FTX lawyer Andy Dietderich of Sullivan & Cromwell clarified that, despite extensive efforts,

there were no plans to relaunch FTX — known as FTX 2.0 — in the Chapter 11 bankruptcy framework.

Stark said he had foreseen that the Chapter 11 FTX reorganization plan was unlikely to succeed.

He likened restructuring FTX to trying to reorganize a combination of “Murder Incorporated, The Cali Drug Cartel and Madoff Investment Advisory Services.”

Lawyers and the restructuring team managing bankrupt crypto exchange FTX billed over $200 million

from November 2022 to June 2023. The fees were deemed reasonable by the court-appointed fee examiner, Katherine Stadler, who found the fees “not wholly unreasonable at the moment” in a report filed on June 20, 2023.

However, in the quarter ending Oct. 31, 2023, FTX spent around $53,000 per hour on legal and advisory fees, according to recent compensation filings. Documents from Dec. 5 to Dec. 16, 2023,

revealed that the bankruptcy legal team billed at least $118.1 million from Aug. 1 to Oct. 31, 2023, averaging $1.3 million per day or $53,300 per hour over the 92 days.

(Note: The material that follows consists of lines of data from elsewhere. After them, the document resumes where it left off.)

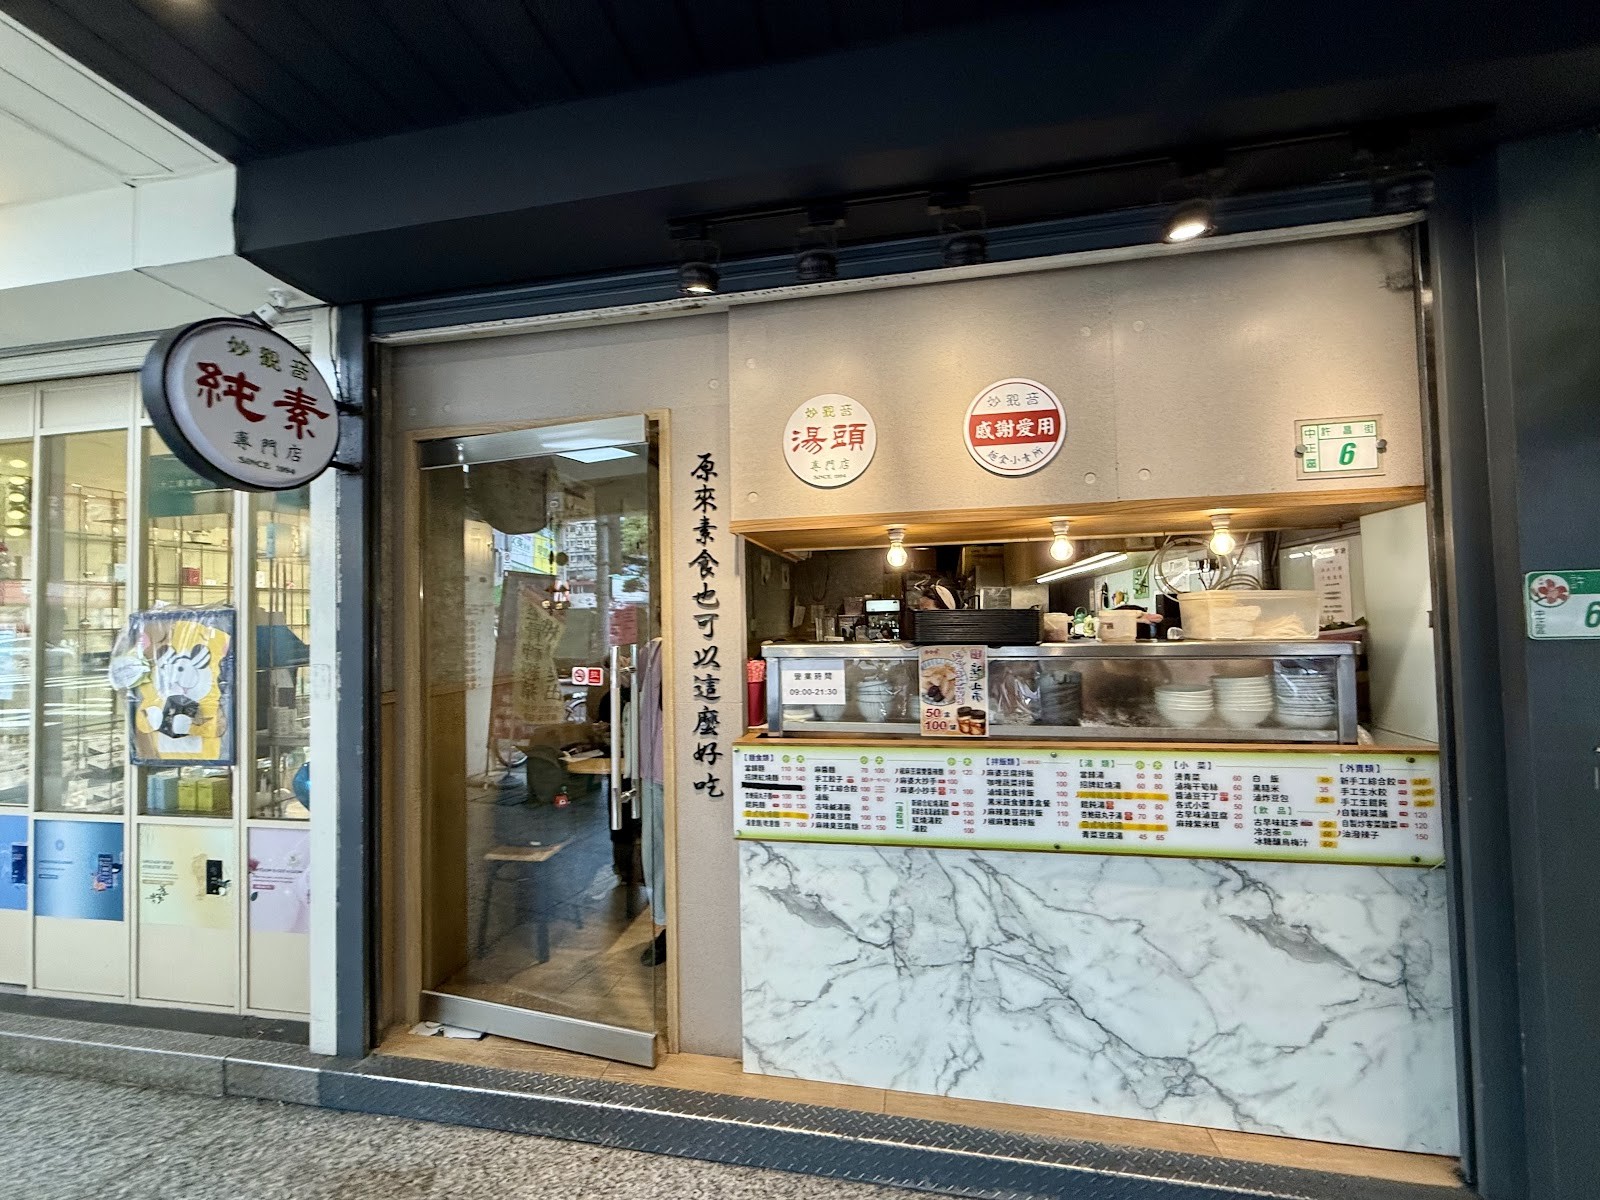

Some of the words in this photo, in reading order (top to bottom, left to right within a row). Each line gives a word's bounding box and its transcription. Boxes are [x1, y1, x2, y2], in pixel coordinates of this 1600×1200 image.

[227, 336, 309, 381] 妙觀音
[196, 361, 330, 439] 純素
[987, 393, 1038, 408] 妙觀音
[804, 404, 853, 418] 妙觀音
[974, 418, 1054, 440] 感謝愛用
[792, 423, 868, 455] 湯頭
[233, 431, 302, 462] 專門店
[1339, 442, 1357, 465] 6
[238, 456, 272, 470] SINCE
[810, 460, 850, 472] 專門店
[689, 452, 724, 801] 原來素食也可以這麼好吃
[794, 672, 833, 681] 營業時間
[789, 688, 837, 696] 09:00-21:30
[925, 708, 941, 718] 50
[925, 721, 947, 731] 100
[1340, 777, 1396, 786] 新手工綜合餃
[1340, 788, 1387, 796] 手工生水餃
[1341, 798, 1388, 807] 手工生餛飩
[1254, 819, 1298, 827] 古早味紅茶
[1254, 828, 1281, 836] 冷泡茶
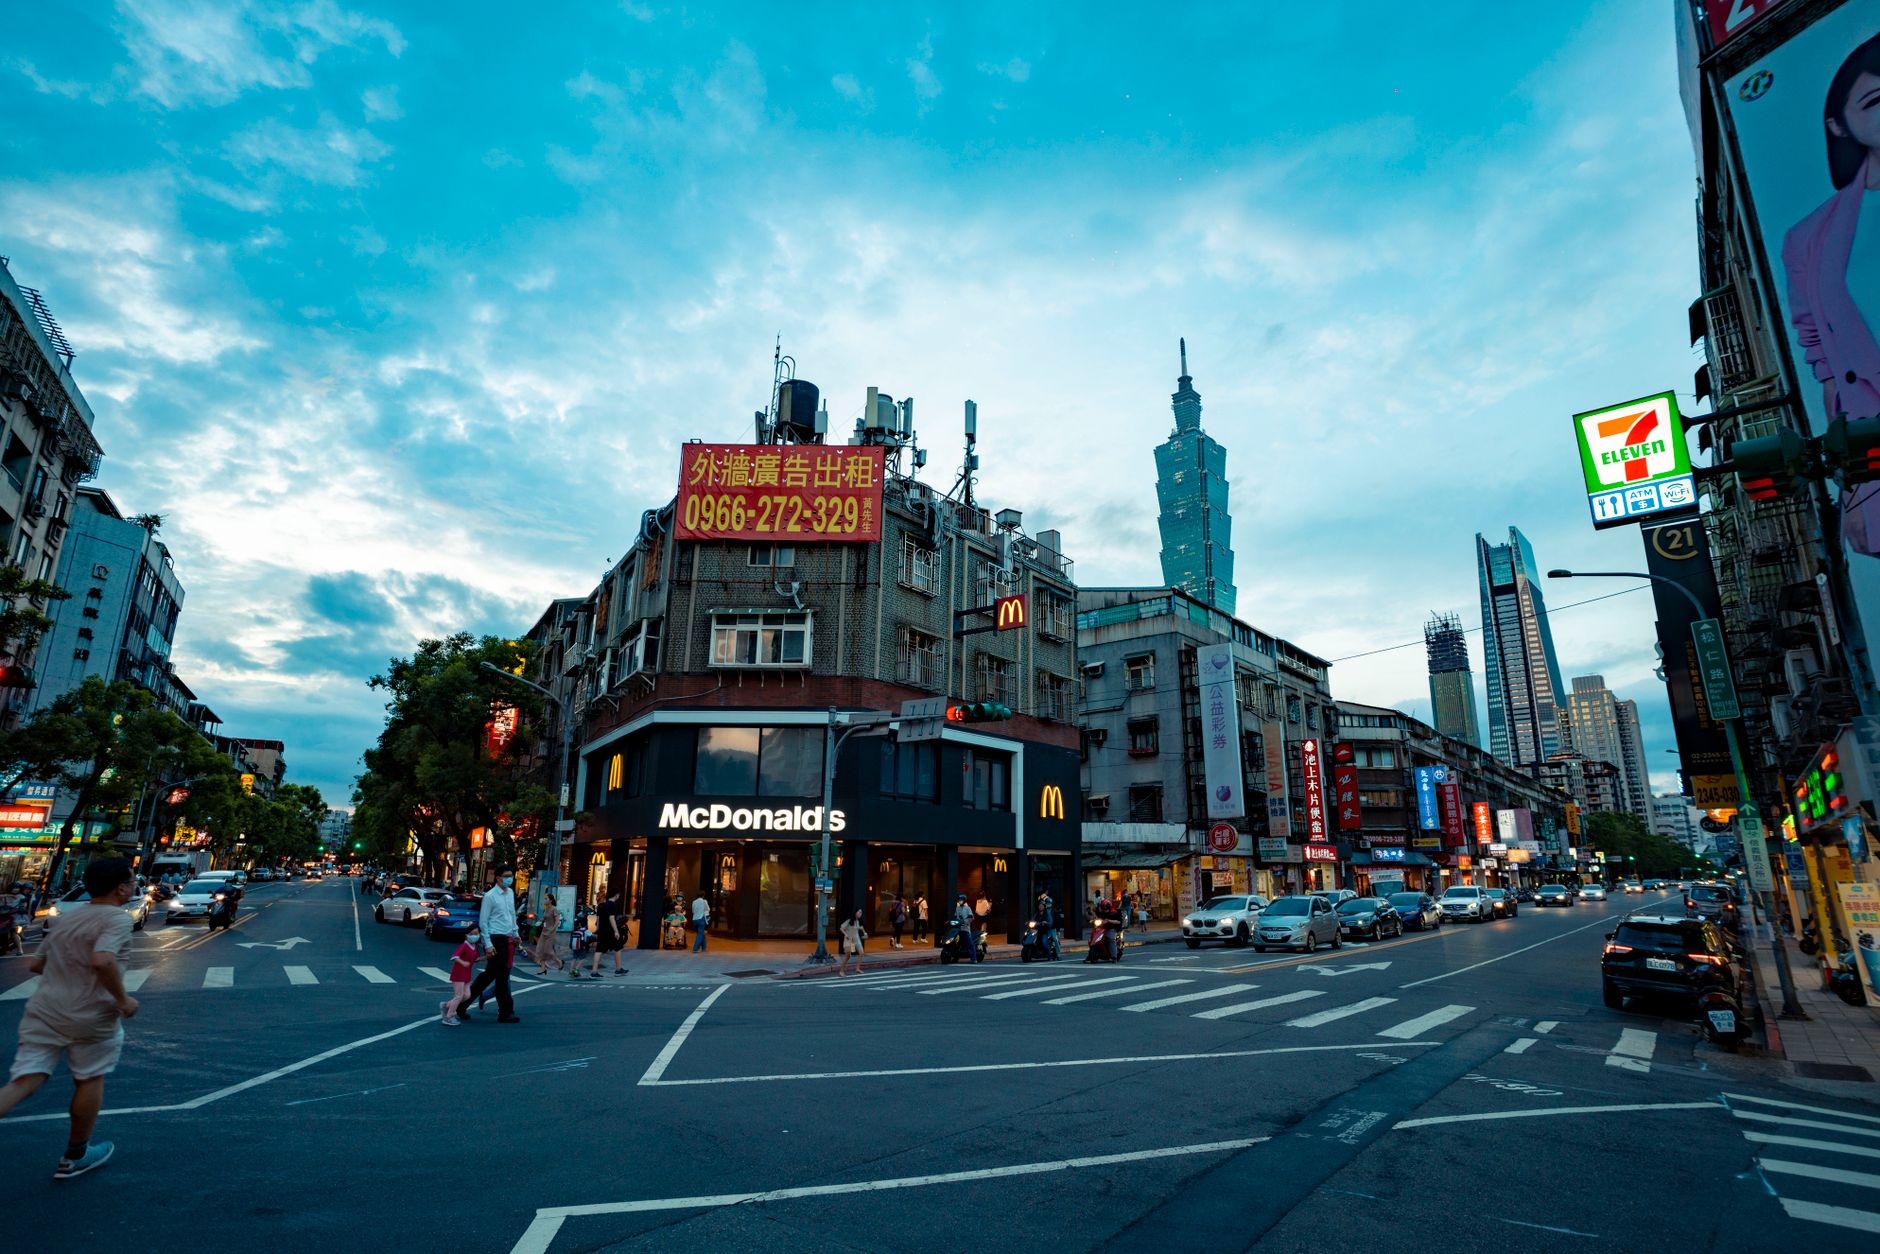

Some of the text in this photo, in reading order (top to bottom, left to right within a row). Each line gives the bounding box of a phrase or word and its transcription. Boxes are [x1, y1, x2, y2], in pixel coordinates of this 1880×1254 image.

[690, 453, 874, 488] 外牆廣告出租
[1630, 488, 1653, 500] ATM
[1664, 487, 1690, 501] Wi-Fi
[685, 494, 859, 533] 0966-272-329
[1209, 684, 1227, 749] 公益彩券
[1304, 753, 1322, 833] 池上木片便當

On Feb. 1, FTX submitted a request in a Delaware court to sell its $175 million claim against the bankrupt Genesis Global Capital. The associated hedge fund, Alameda Research,

owns the claim. If granted, FTX can sell the claim entirely or in parts, timing the sales for optimal conditions.

FTX collapsed in November 2022 after irregularities were uncovered in its accounts.

Genesis had $175 million tied up in its FTX account at the time, which it said did not impact its market-making activities.